Sorry, you're right. I've edited my original comment to be less damning.

> Why don't you sign up and have a look at how much users are saving?

For one, it doesn't look compatible with MacOSX. Additionally, I have little
trust of 3rd party native code.

> Little Green Patch, a social gardening game has 1,889,557 active monthly
> users

My opinion of Facebook apps is that they are useless, but also (some privacy
aside) harmless.

> And finally, if 30 million kWH means so little, why spend a 100 million
> dollars of taxpayers' money
> (<http://www.whitehouse.gov/the_press_office/Nellis-Solar-Powe...>) to pump
> that amount of clean energy into the grid?

100 million was spent to build a facility, not purchase a years worth of
output. Solar panels should last at least 10 years, so divide that 100 million
by at least 10. Additionally, funding solar installations is viewed as an
indirect means of funding solar panel research, and not as a simple purchase
of energy.

> Surely, the Government must know better.

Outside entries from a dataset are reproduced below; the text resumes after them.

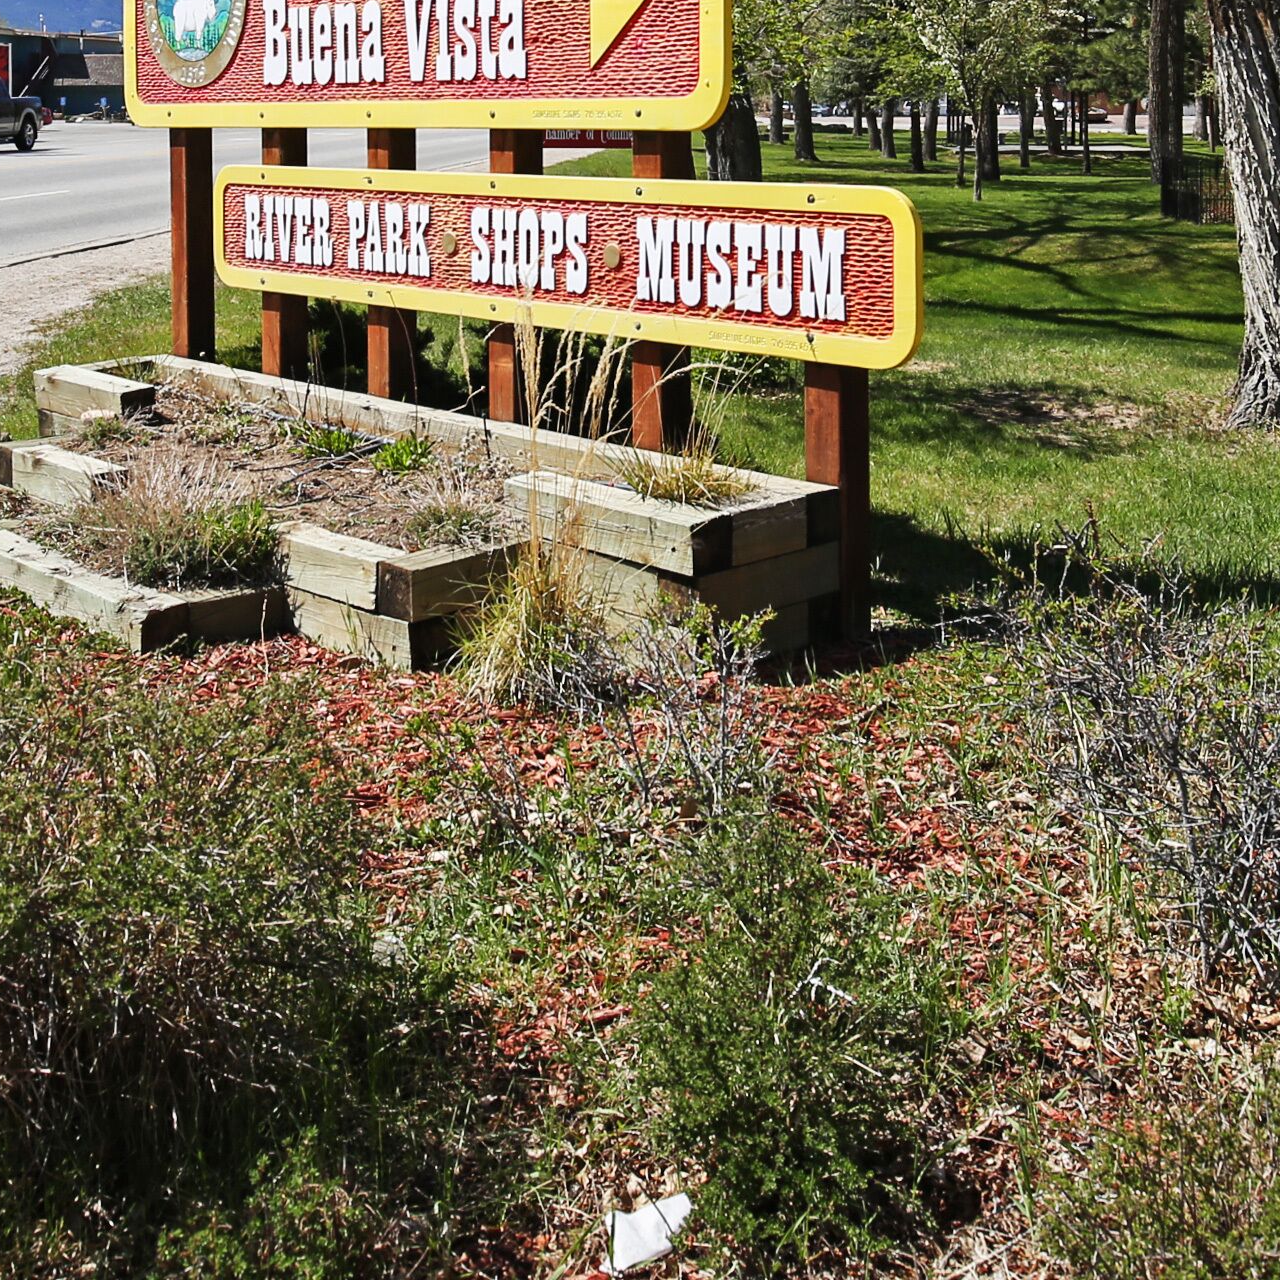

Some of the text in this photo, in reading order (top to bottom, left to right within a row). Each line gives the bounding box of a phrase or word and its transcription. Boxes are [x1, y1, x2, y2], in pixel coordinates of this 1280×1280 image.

[545, 129, 580, 140] hamber
[244, 194, 846, 322] RIVER PARK SHOPS MUSEUM
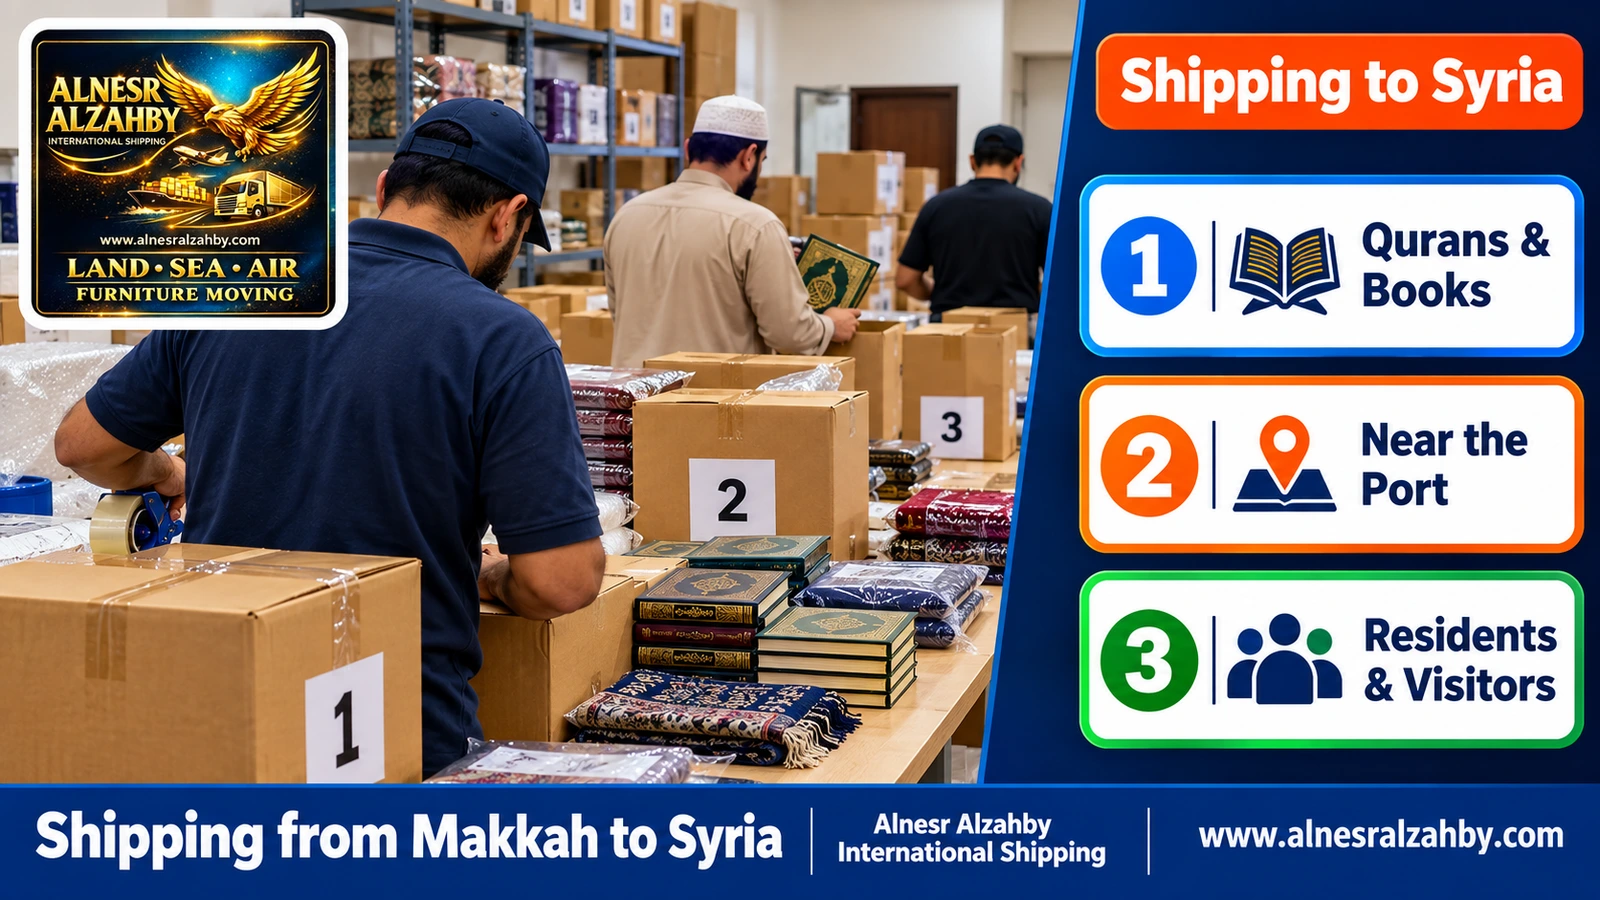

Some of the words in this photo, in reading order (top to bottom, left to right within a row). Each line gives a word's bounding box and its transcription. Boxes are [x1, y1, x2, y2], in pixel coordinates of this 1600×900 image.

[941, 412, 962, 442] 3
[718, 479, 747, 522] 2
[335, 691, 359, 768] 1
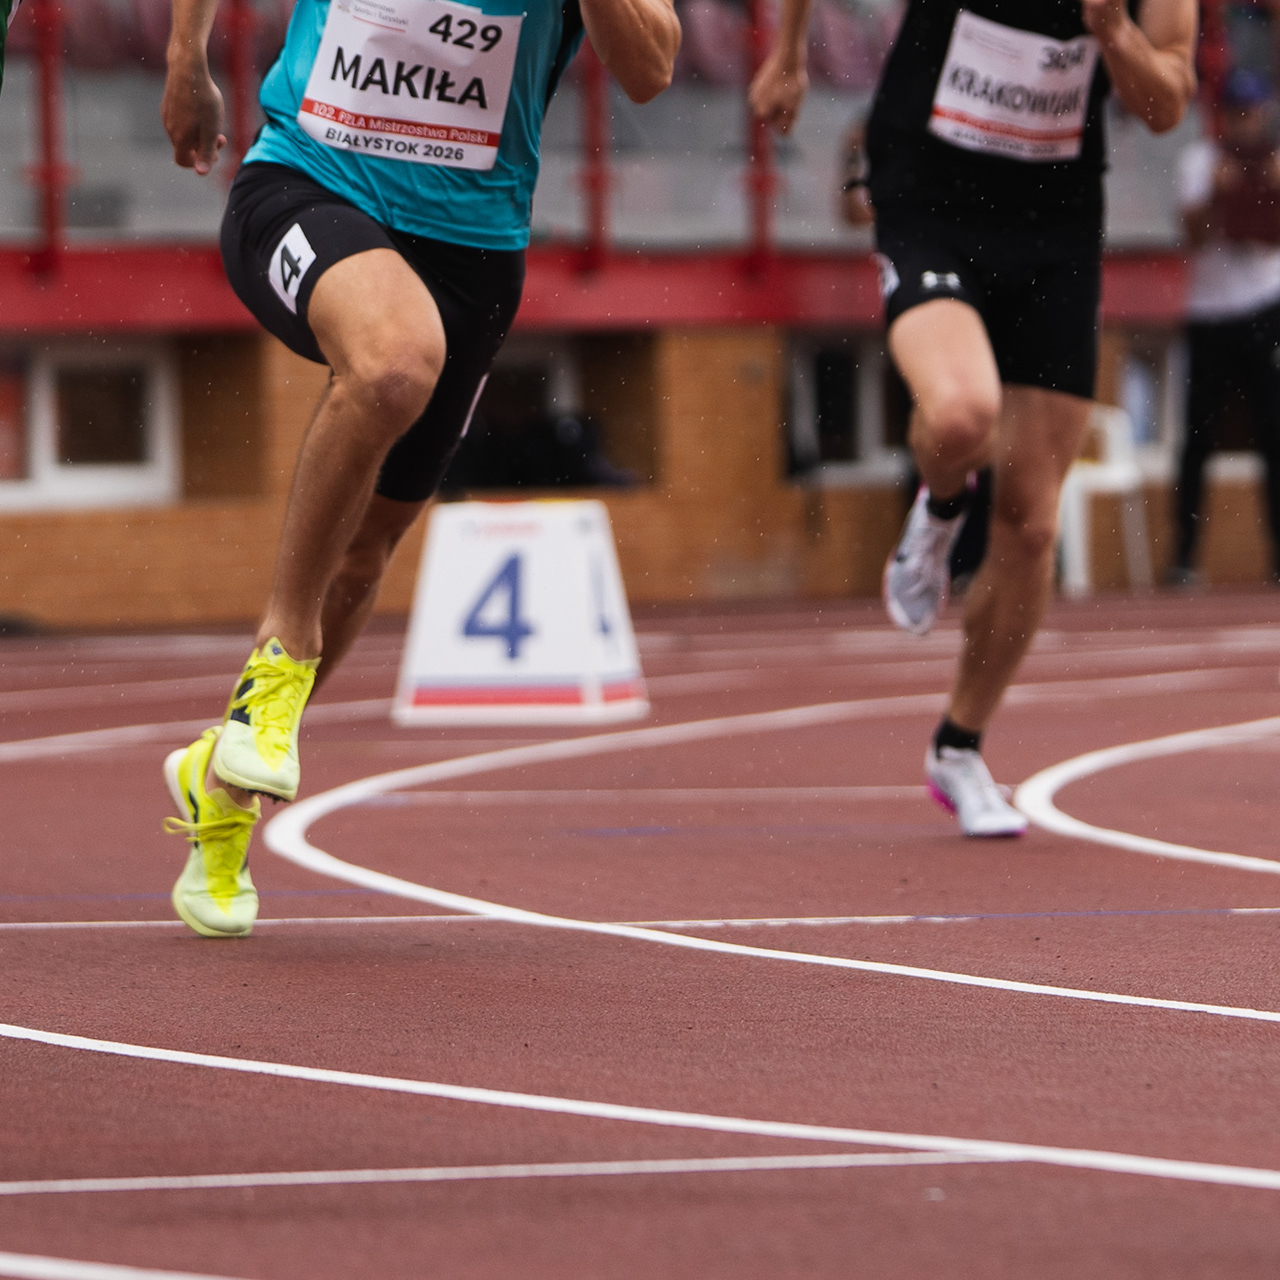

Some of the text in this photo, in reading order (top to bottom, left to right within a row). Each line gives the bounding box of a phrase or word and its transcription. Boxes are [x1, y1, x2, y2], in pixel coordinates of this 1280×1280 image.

[429, 14, 503, 52] 429
[330, 46, 488, 109] MAKIŁA
[326, 127, 464, 161] BIAŁYSTOK 2026
[339, 111, 366, 128] PZLA
[369, 119, 447, 140] Mistrzostwa
[450, 129, 489, 144] Polski
[281, 244, 302, 293] 4
[461, 552, 535, 661] 4

I think that we all have an intuition for how government contracts are
awarded, and knowledge isn't on that list.

------
jcdreads
This is a very cool idea, but when folks express power savings in units of
kWh/year it makes my head spin. So...

100 kWh / year == 100,000 W / (years/hour) == 17.1 W.

so we save 17 W per computer. This is good, though less impressive-sounding.

Another way of looking at it is that a kWh of electricity costs something like
$0.10. Saving 100 of those a year is ten bucks per computer. $10 per PC per
year is nothing to sneeze at if you have a lot of computers.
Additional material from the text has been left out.